# Impact of tuberculosis

Worldwide 9.6 million new cases and 1.4 million deaths annualy; almost 1/3 of the worlds population may be infected.

# We needed a package for enrichment analysis

• Custom variable sets (expression modules, metabolic profiling)
• Statistical test(s):
• not relying on arbitrary thresholds
• preferably no bootstrapping
• detached from differential analysis
• pluggable into ML and MDS (e.g. PCA)
• Integrating in our R pipelines
• Highly flexible – diverse projects with different problem settings
• “Bird’s eye” visualizations for multiple analyses

(xkcd.com/927)

# Introducing tmod

“Although there is no particular novelty in the methods, the package addresses the right questions and appears to do a good job on real biological analysis.” (Anonymous reviewer)

– Perfect!

# tmod features

• CERNO: a new(-ish) statistical test for continuous enrichments (Yamaguchi et al. 2008, not implemented elsewhere)
• MSD: a new method for ordering genes
• “panel plots” – visualisation of (serial) gene set enrichment results
• prepackaged gene sets from Chaussabel et al. (2008) and Li et al. (2014) and metabolic profiling clustering from Weiner et al. (2012)
• facilities for combining multivariate techniques / dimensionality reduction techniques / correlation analysis / machine learning with enrichment analysis

# CERNO test: a variant of Fisher’s exact test

Some enrichment tests (such as the hypergeometric test) rely on arbirtrary tresholds to divide the genes into “differentially expressed” and “background” (or equivalent sets). It is easy to run a statistical test on such a setup, however it is problematic: the number of significantly regulated genes depends on the statistical power, i.e. for example on the number of samples.

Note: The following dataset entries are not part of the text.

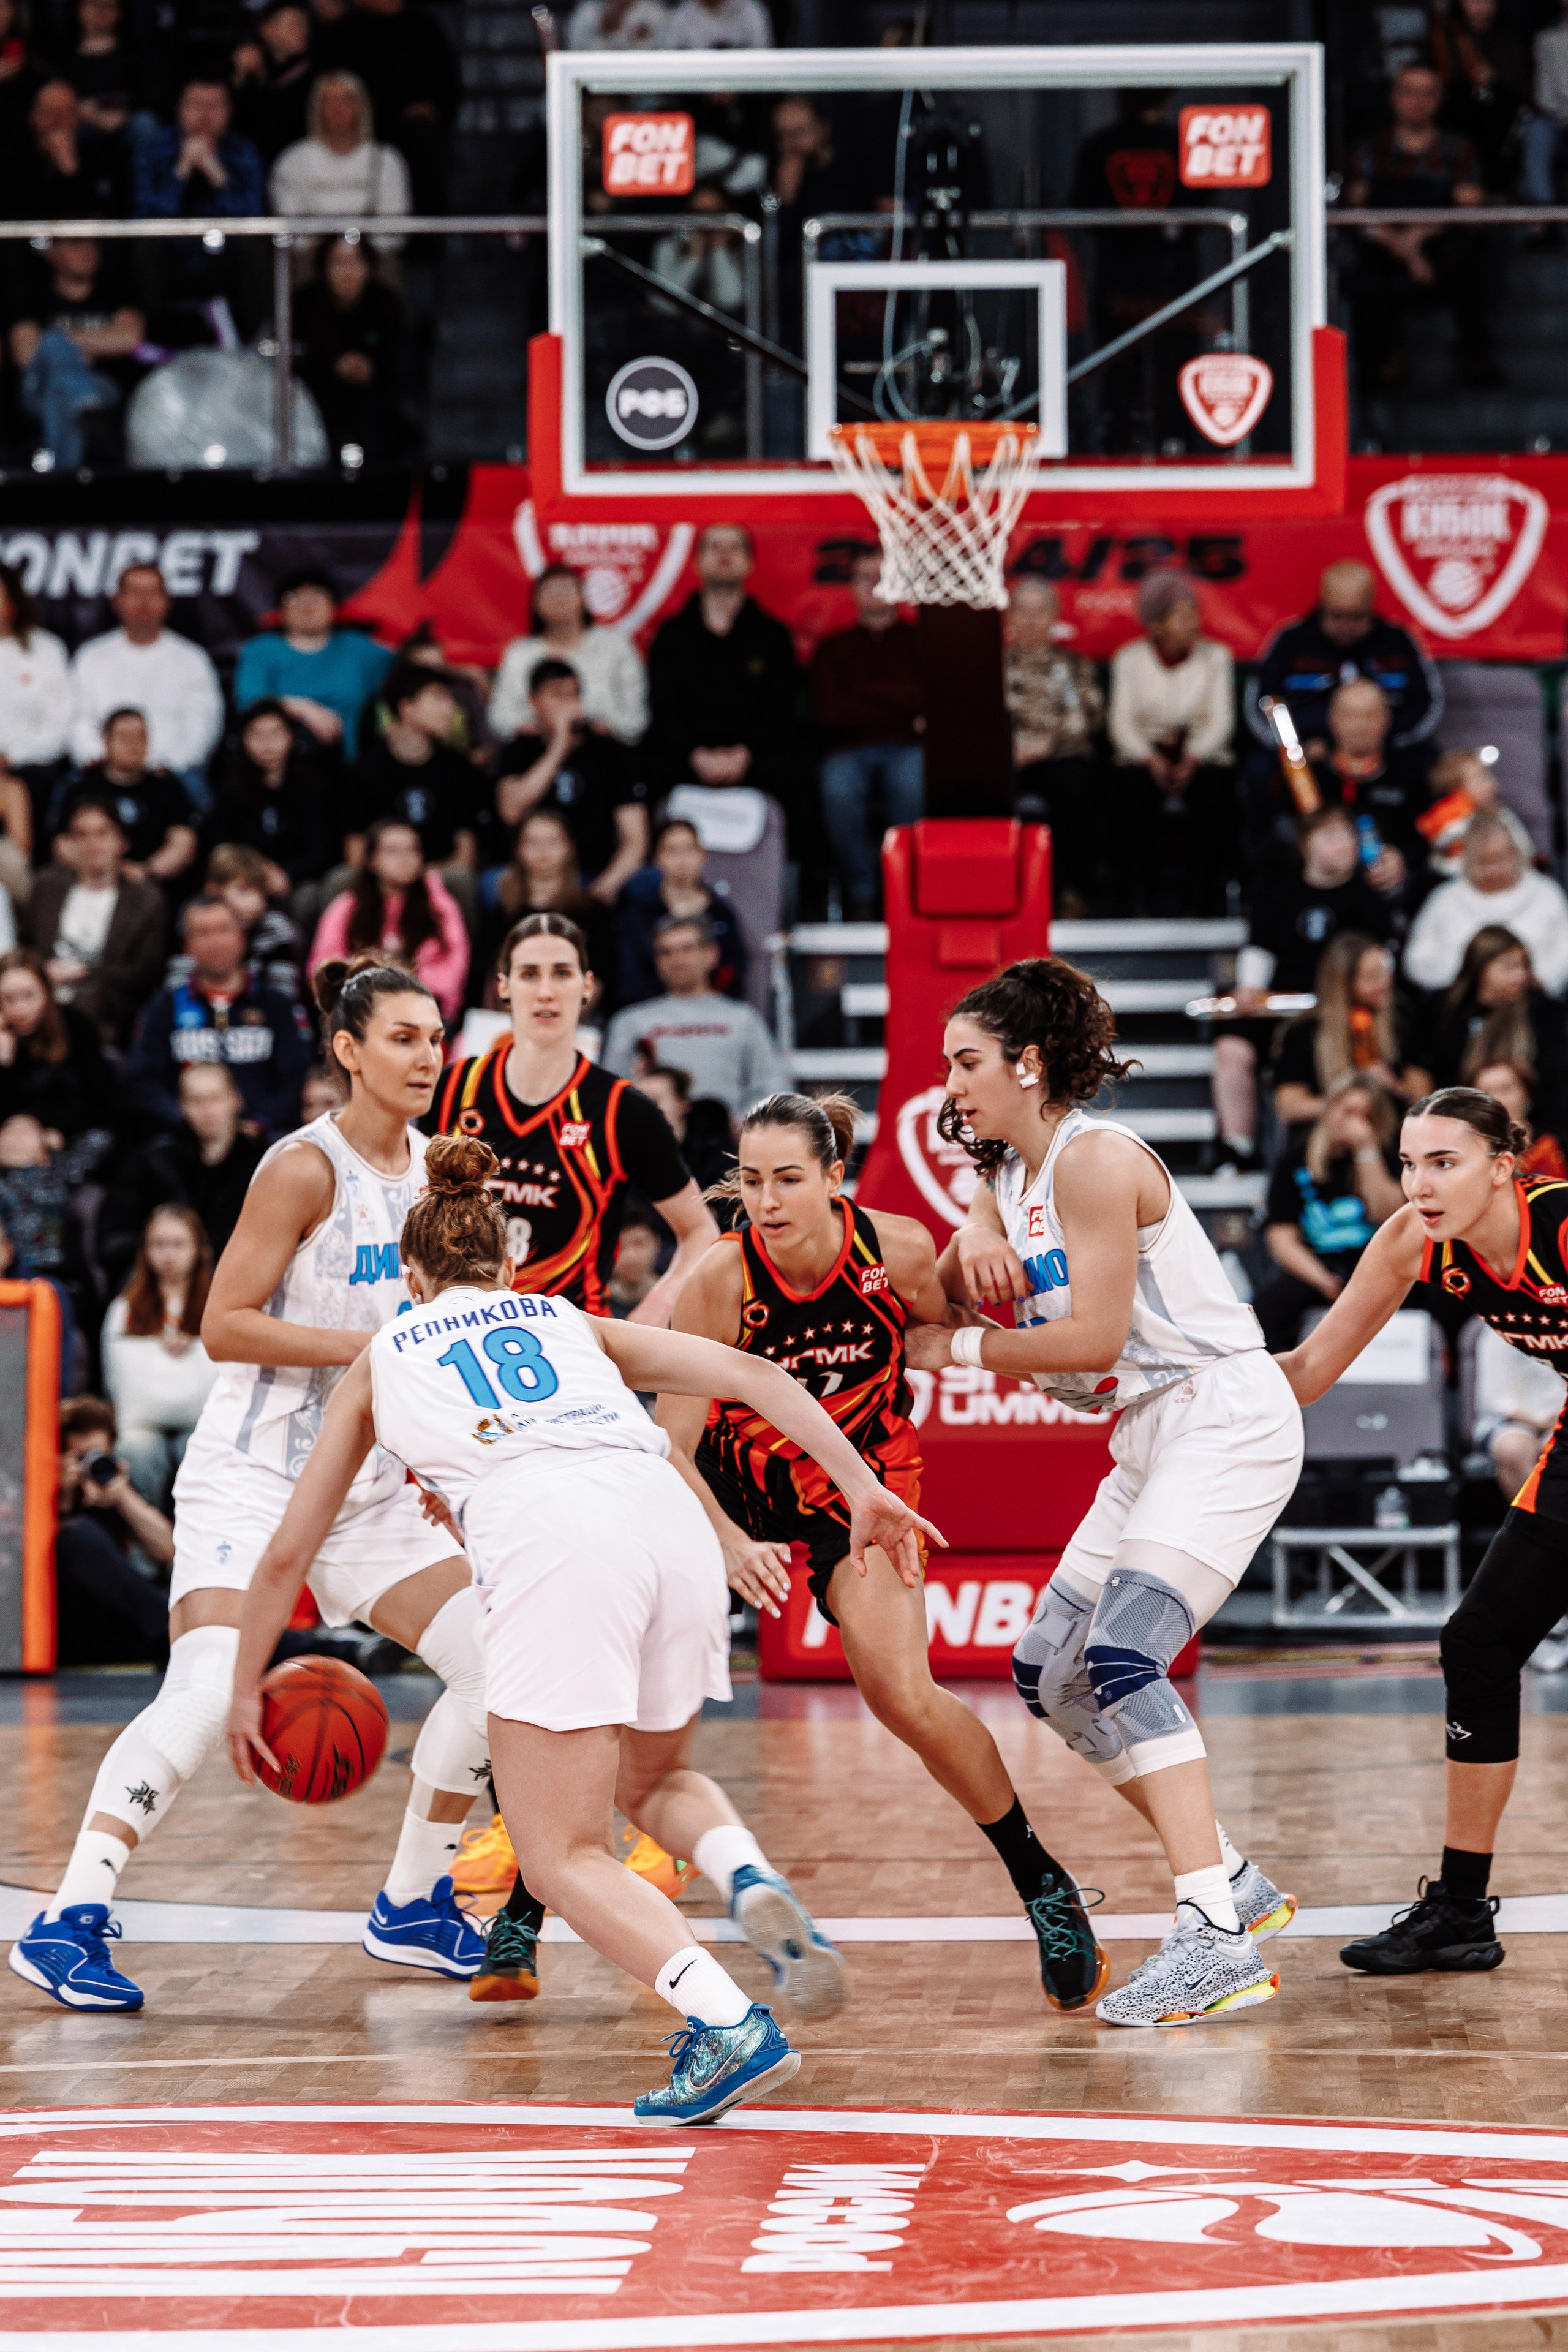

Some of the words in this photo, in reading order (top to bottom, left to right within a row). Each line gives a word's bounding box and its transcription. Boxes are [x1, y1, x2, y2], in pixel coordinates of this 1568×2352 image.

[609, 123, 688, 152] FON
[1186, 113, 1265, 145] FON
[609, 153, 688, 184] BET
[1186, 145, 1265, 176] BET
[1539, 1287, 1566, 1297] FON
[392, 1298, 558, 1353] РЕПНИКОВА
[437, 1325, 559, 1409] 18
[741, 2163, 925, 2273] РОССИИ
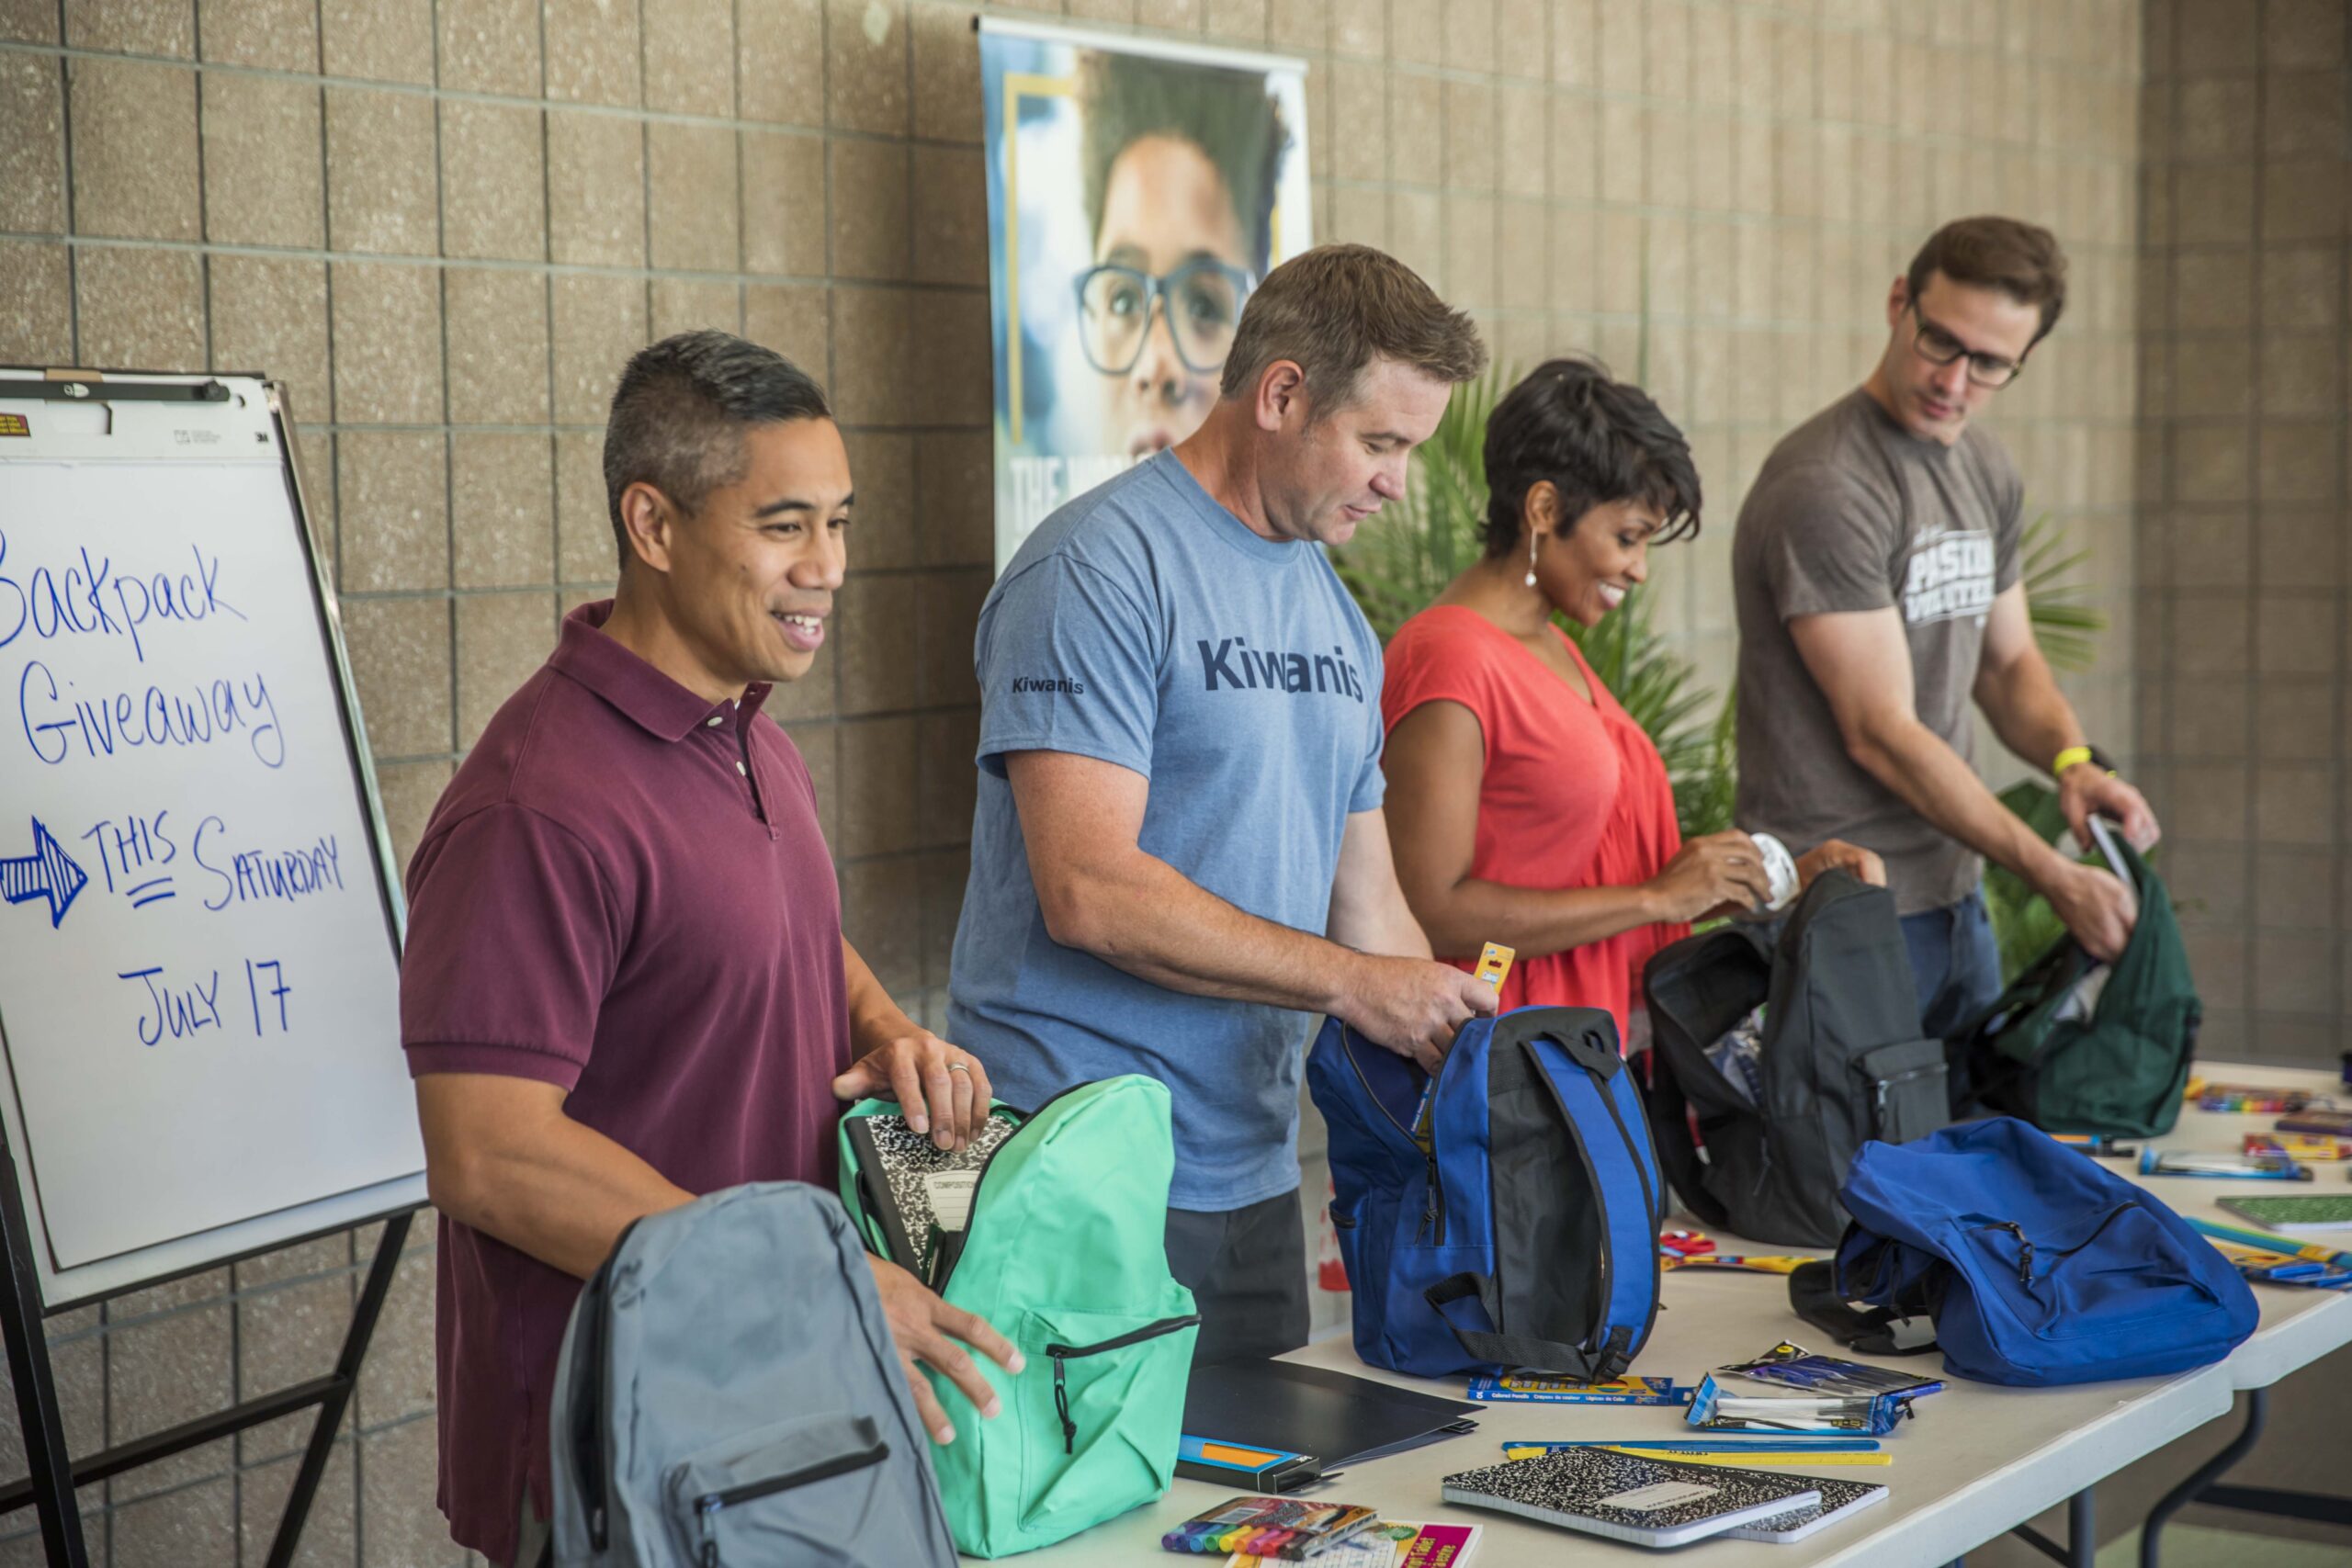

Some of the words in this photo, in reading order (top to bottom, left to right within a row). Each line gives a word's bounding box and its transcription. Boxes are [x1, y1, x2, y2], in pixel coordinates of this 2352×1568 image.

[1012, 676, 1084, 695] Kiwanis
[1197, 637, 1363, 704] Kiwanis
[20, 660, 285, 769] Giveaway
[81, 810, 176, 894] THIS
[118, 965, 221, 1047] JULY
[245, 958, 291, 1037] 17

Better tests yet are independent of arbitrary thresholds. Examples include

• Randomization approaches (such as GSEA)
• ANOVA-like approaches
• Mann-Whitney U statistic

However, all methods that we have tested were problematic (eg. too conservative; too lax). Most importantly, while results were robust for large sample sets, they were not “down-scalable”: results for small sample sizes rarely reflected the results for large sample sizes.

# CERNO: Ranks can be treated as probabilities

$P(rank(g_j) < rank(g_i)) = \frac{rank(g_i)}{N}$

Where $$N$$ is the total number of genes.

# We apply Fisher’s method to ranks

$\mathbf{CERNO} = -2\cdot \sum_{i=1}^{N}\ln(\frac{rank(g_i)}{N})$

The statistics has a $$\chi^2$$ distribution with $$2\cdot N$$ degrees of freedom.

First, second and third quartiles of number of modules recovered by the different statistical tests in dependence of the sample size in 100 random sample replicates.

# How to order genes?

• Order by p-values (common approach).
• Genes with strong expression tend to have lower p-values even if log-fold changes are small
• Order by (absolute) log fold change
• Genes with weak expression (near background) can have huge log fold changes despite lack of significance

# MSD – Minimal Significant Difference

$\text{MSD} = \begin{cases} CI.L & \text{if logFC} > 0\\ -CI.R & \text{if logFC} < 0\\ \end{cases}$

First, second and third quartiles of number of modules recovered by the different approaches in dependence of the sample size in 100 random sample replicates.

In comparisons with other ordering techniques, MSD has an exceptional specificity, while maintaining good sensitivity (Joanna Żyła, personal communication).

# Basic visualization of enrichment

In an U-test, the U statistic is (almost) the same as the Area Under Curve:

$r=1-\frac{2\cdot U}{n_1\cdot n_2} = 1 - 2\cdot\text{AUC}$

(r is the effect size for an U-test)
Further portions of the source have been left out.